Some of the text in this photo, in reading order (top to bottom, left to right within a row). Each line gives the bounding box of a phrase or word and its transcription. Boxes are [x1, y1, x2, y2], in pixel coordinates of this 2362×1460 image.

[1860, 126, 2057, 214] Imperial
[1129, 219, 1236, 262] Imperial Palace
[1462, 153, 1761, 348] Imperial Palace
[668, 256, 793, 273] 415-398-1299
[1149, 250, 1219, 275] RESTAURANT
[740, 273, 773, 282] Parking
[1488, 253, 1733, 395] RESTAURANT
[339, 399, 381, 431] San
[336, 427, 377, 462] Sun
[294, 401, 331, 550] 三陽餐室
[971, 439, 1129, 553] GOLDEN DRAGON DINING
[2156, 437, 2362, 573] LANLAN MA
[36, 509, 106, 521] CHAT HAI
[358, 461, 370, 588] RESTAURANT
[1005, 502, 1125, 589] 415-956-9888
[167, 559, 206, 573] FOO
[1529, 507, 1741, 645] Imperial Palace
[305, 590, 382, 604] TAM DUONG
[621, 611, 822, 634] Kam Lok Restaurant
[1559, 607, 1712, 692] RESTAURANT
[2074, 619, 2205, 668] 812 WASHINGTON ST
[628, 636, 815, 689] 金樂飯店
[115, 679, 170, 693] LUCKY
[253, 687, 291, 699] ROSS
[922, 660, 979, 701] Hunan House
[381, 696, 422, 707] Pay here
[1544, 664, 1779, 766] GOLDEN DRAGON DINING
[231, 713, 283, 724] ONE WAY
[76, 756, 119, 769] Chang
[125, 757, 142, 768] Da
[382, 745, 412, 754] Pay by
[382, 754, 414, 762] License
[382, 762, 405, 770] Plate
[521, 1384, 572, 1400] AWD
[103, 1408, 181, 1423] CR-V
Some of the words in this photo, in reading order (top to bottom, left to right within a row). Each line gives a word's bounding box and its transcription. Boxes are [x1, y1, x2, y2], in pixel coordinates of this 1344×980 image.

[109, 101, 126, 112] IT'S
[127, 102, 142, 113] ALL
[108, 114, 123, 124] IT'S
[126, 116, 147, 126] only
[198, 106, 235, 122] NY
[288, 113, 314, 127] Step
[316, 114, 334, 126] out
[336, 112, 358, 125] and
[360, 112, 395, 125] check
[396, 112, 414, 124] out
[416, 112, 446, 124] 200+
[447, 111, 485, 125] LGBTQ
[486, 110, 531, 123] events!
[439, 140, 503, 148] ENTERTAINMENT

- - -

* _EXERCISE_: Without omitting anything, set down all the entries above again.

* _WRITTEN ANSWER_:
Some of the text in this photo, in reading order (top to bottom, left to right within a row). Each line gives the bounding box of a phrase or word and its transcription. Boxes are [x1, y1, x2, y2], in pixel coordinates of this 2362×1460 image.

[1860, 126, 2057, 214] Imperial
[1129, 219, 1236, 262] Imperial Palace
[1462, 153, 1761, 348] Imperial Palace
[668, 256, 793, 273] 415-398-1299
[1149, 250, 1219, 275] RESTAURANT
[740, 273, 773, 282] Parking
[1488, 253, 1733, 395] RESTAURANT
[339, 399, 381, 431] San
[336, 427, 377, 462] Sun
[294, 401, 331, 550] 三陽餐室
[971, 439, 1129, 553] GOLDEN DRAGON DINING
[2156, 437, 2362, 573] LANLAN MA
[36, 509, 106, 521] CHAT HAI
[358, 461, 370, 588] RESTAURANT
[1005, 502, 1125, 589] 415-956-9888
[167, 559, 206, 573] FOO
[1529, 507, 1741, 645] Imperial Palace
[305, 590, 382, 604] TAM DUONG
[621, 611, 822, 634] Kam Lok Restaurant
[1559, 607, 1712, 692] RESTAURANT
[2074, 619, 2205, 668] 812 WASHINGTON ST
[628, 636, 815, 689] 金樂飯店
[115, 679, 170, 693] LUCKY
[253, 687, 291, 699] ROSS
[922, 660, 979, 701] Hunan House
[381, 696, 422, 707] Pay here
[1544, 664, 1779, 766] GOLDEN DRAGON DINING
[231, 713, 283, 724] ONE WAY
[76, 756, 119, 769] Chang
[125, 757, 142, 768] Da
[382, 745, 412, 754] Pay by
[382, 754, 414, 762] License
[382, 762, 405, 770] Plate
[521, 1384, 572, 1400] AWD
[103, 1408, 181, 1423] CR-V
Some of the words in this photo, in reading order (top to bottom, left to right within a row). Each line gives a word's bounding box and its transcription. Boxes are [x1, y1, x2, y2], in pixel coordinates of this 1344×980 image.

[109, 101, 126, 112] IT'S
[127, 102, 142, 113] ALL
[108, 114, 123, 124] IT'S
[126, 116, 147, 126] only
[198, 106, 235, 122] NY
[288, 113, 314, 127] Step
[316, 114, 334, 126] out
[336, 112, 358, 125] and
[360, 112, 395, 125] check
[396, 112, 414, 124] out
[416, 112, 446, 124] 200+
[447, 111, 485, 125] LGBTQ
[486, 110, 531, 123] events!
[439, 140, 503, 148] ENTERTAINMENT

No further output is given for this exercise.